What I advise here is essentially identical to certain instructions I’ve laid out in my will. One bequest provides that cash will be delivered to a trustee for my wife’s benefit…My advice to the trustee could not be more simple: Put 10% of the cash in short-term government bonds and 90% in a very low-cost S&P 500 index fund. (I suggest Vanguard’s.) I believe the trust’s long-term results from this policy will be superior to those attained by most investors…

from Warren Buffett: 'Investing Advice For You--And My Wife' (And Other Quotes Of The Week) - Forbes

I think his idea is to just do that, pay no mind to fluctuations and have a happy life.


if you think the typical wife or even an alone woman is not going to pay attention and cringe and worry herself sick at market drops you are kidding.

most women are far more reactive to those drops then men are.

my wife was already left on her own once and never wants to live with that fear ever again.

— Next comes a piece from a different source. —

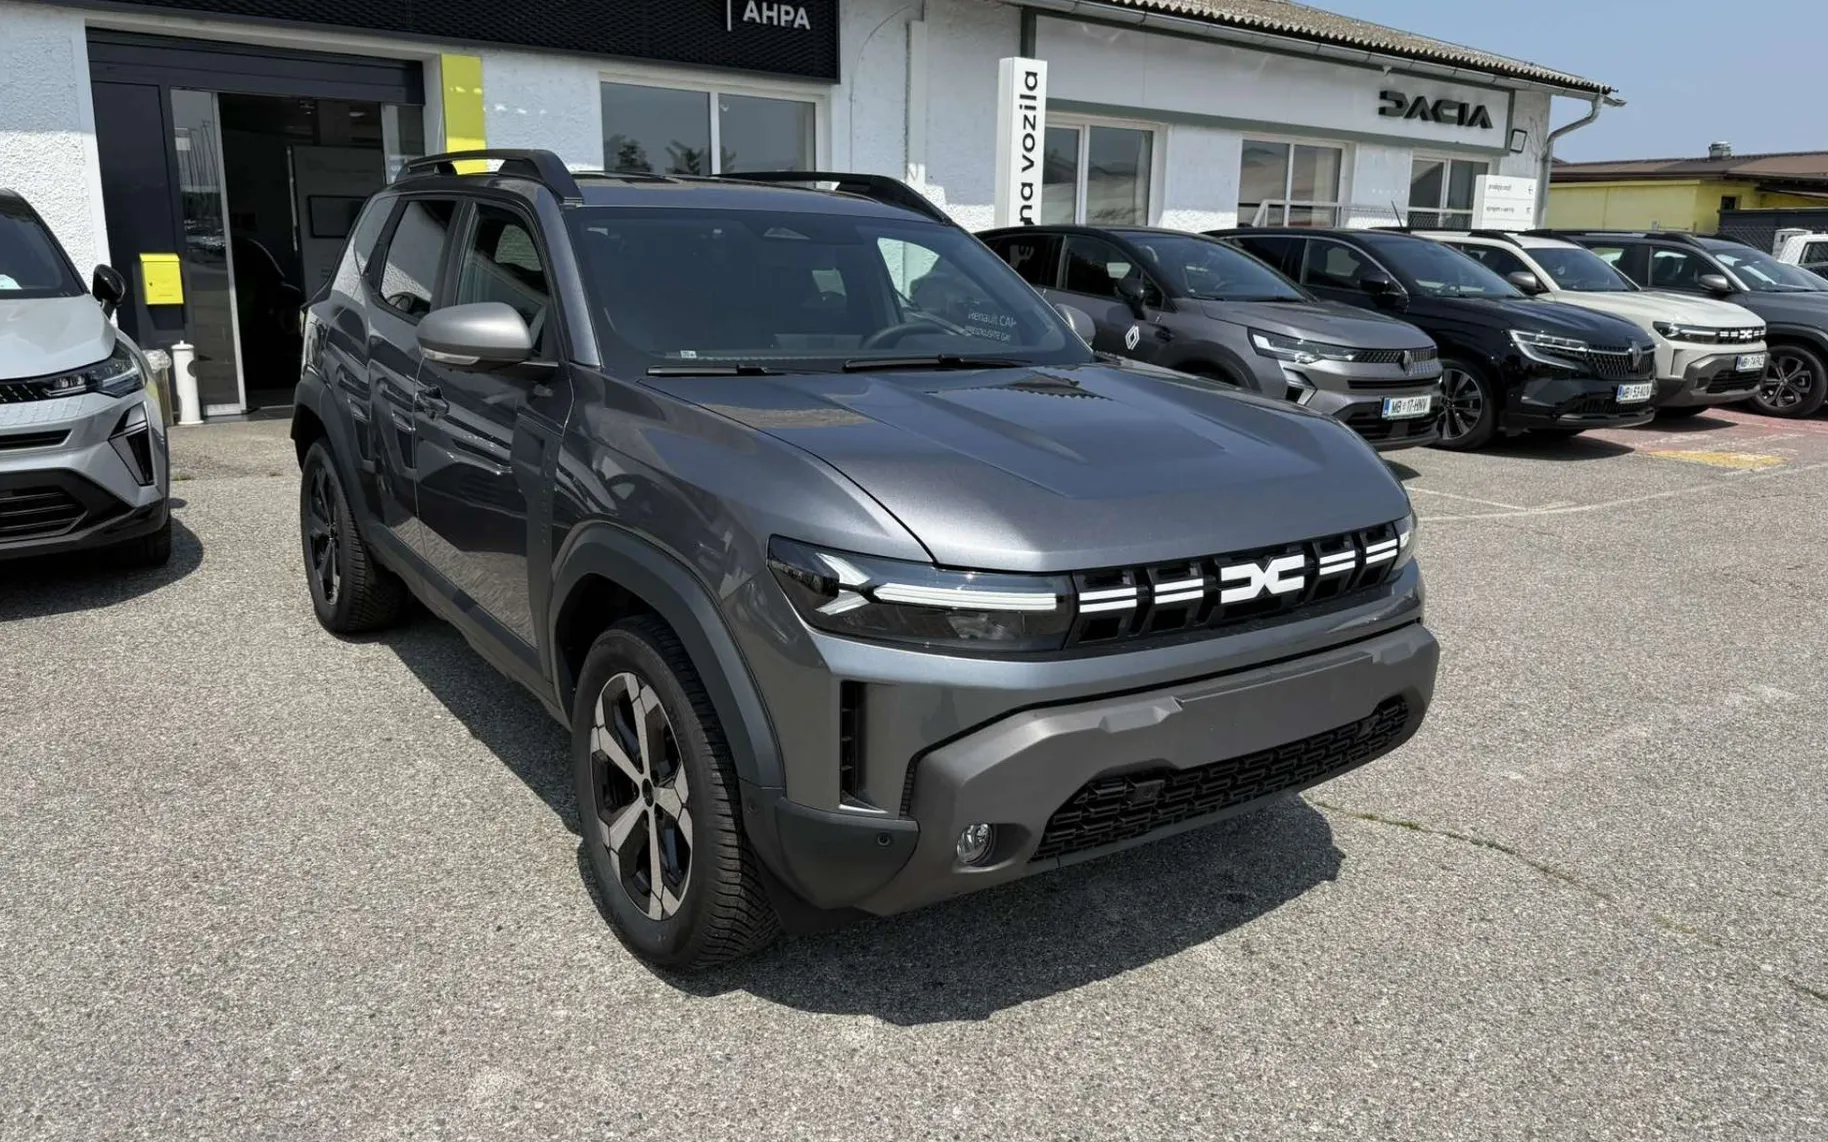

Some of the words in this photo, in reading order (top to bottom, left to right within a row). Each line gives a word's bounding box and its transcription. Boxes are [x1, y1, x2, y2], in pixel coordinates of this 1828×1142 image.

she is fine as long as i am in the drivers seat and riding herd on our investments but as she made clear she has zero interest in growing richer once i am gone. she wants a stable income that will out live her , as little dependency on markets and interest rate whims as she can get without penalizing heirs.


in fact the dream structure for my wife would be a huge monthly pay check which is more than she ever needs and life insurance for heirs.

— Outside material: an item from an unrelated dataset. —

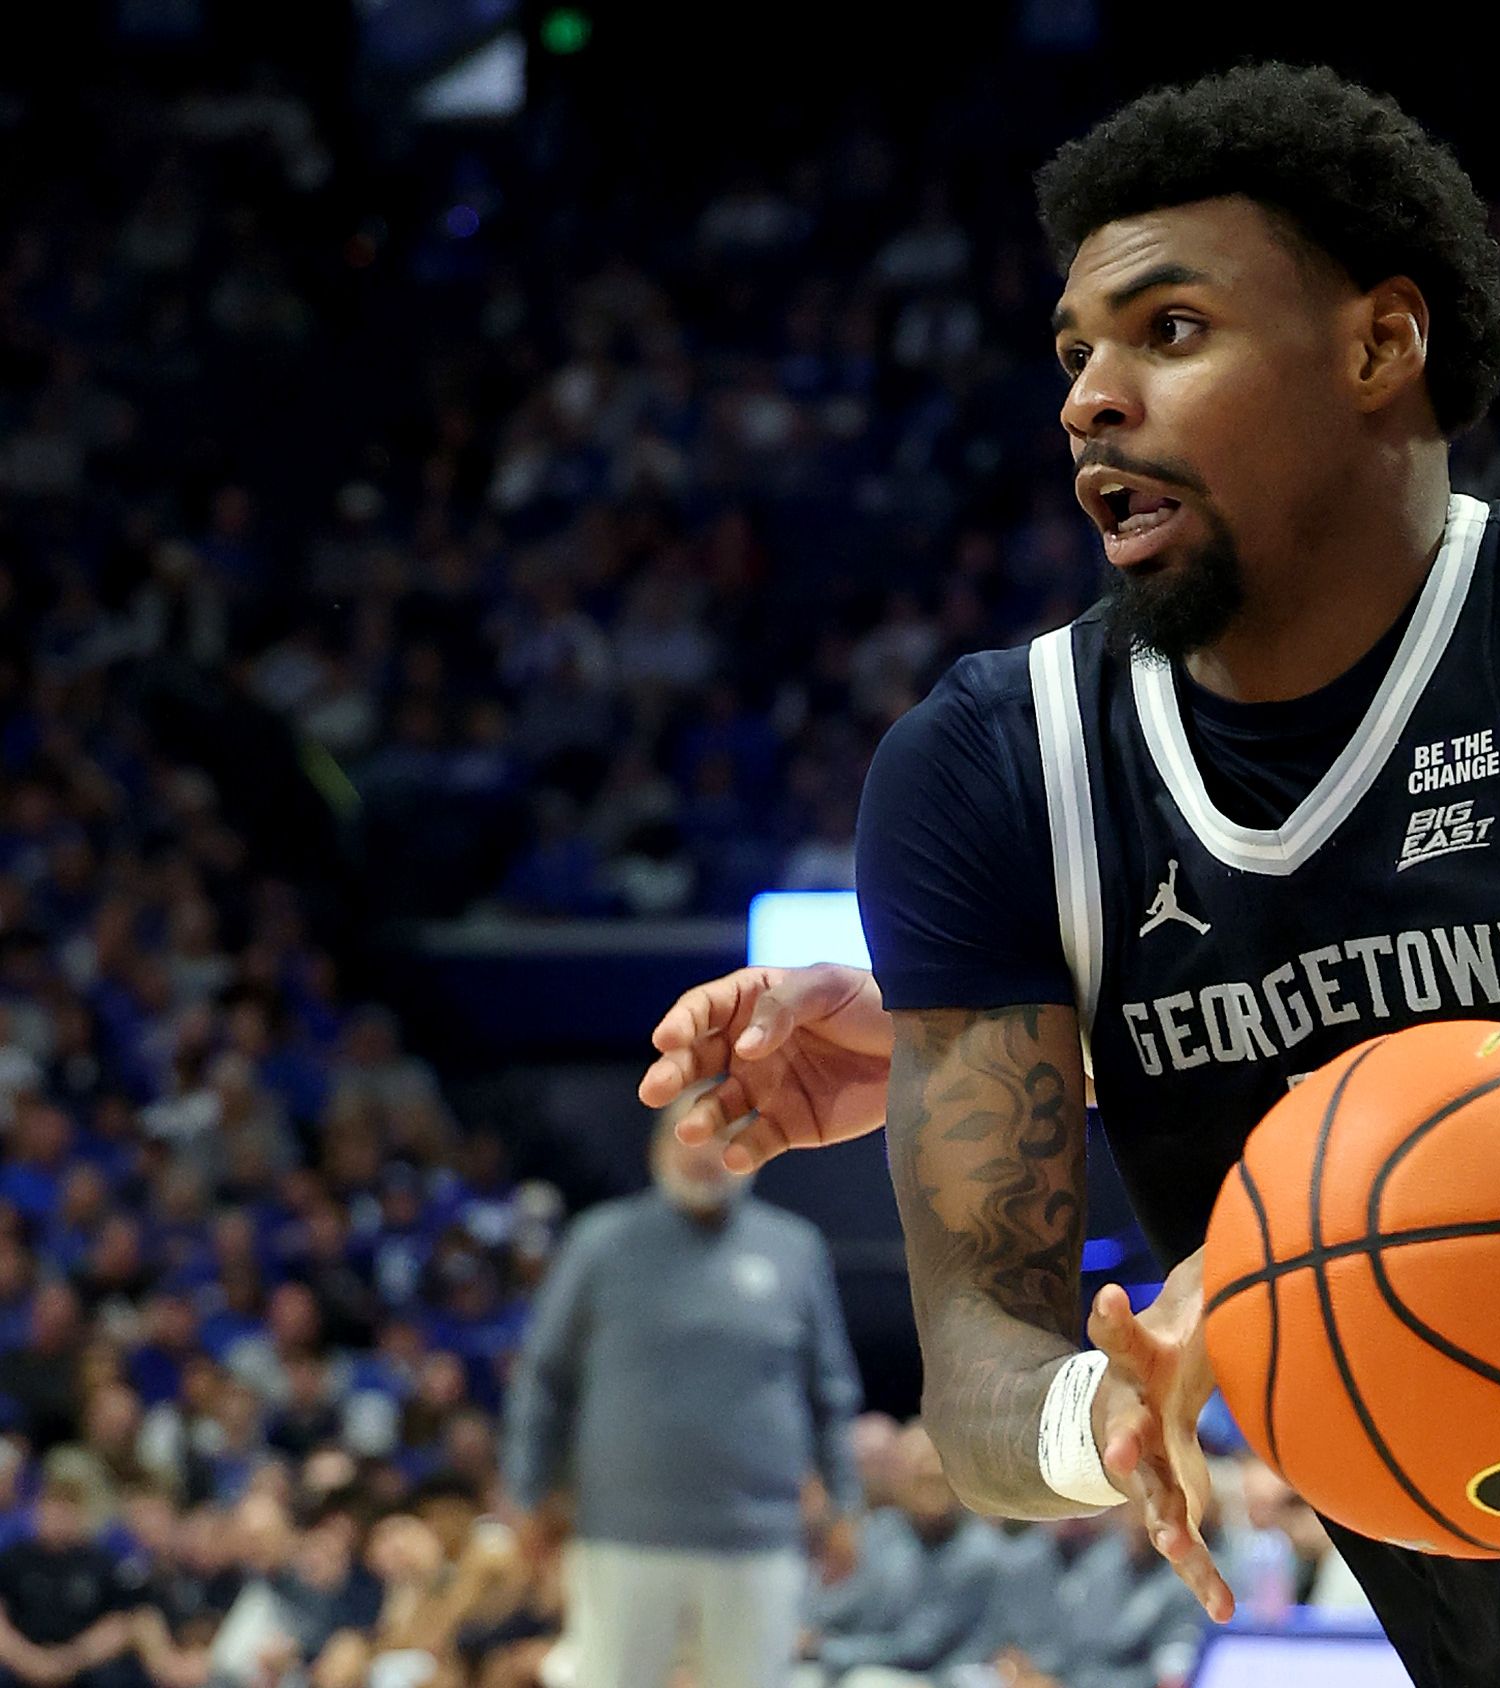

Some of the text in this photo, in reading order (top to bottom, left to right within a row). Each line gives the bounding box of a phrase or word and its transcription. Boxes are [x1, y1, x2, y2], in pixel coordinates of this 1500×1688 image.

[1414, 729, 1493, 770] BE THE
[1408, 751, 1500, 795] CHANGE
[1401, 816, 1495, 858] EAST
[1406, 800, 1475, 836] BIG

hypothetically she could take our assets at age 65 and get a guaranteed 189k a year from an spia vs only 120k from our own investing. she could take a portion of that 60k difference and buy life insurance guaranteeing the kids a few million and still have thousands more left to spend on whatever than our own investing unless markets were real favorable..

not that she would do it but it gives you an idea about the fact you can have it both ways, a monthly pay check in the mail box and money for heirs if you totally wanted to avoid volatility..

there are ways to meet everyones needs out there . but you need to stop believing myths and misinformation about various products.

these are tools and like all tools you can hurt yourself or you can build works of art . it isn't the vehicle you use as much as how it is being used.


in my opinion far to little regard for the surviving spouse is incorporated into the retirement planning i see usually.

Last edited by mathjak107; 01-13-2015 at 02:47 AM..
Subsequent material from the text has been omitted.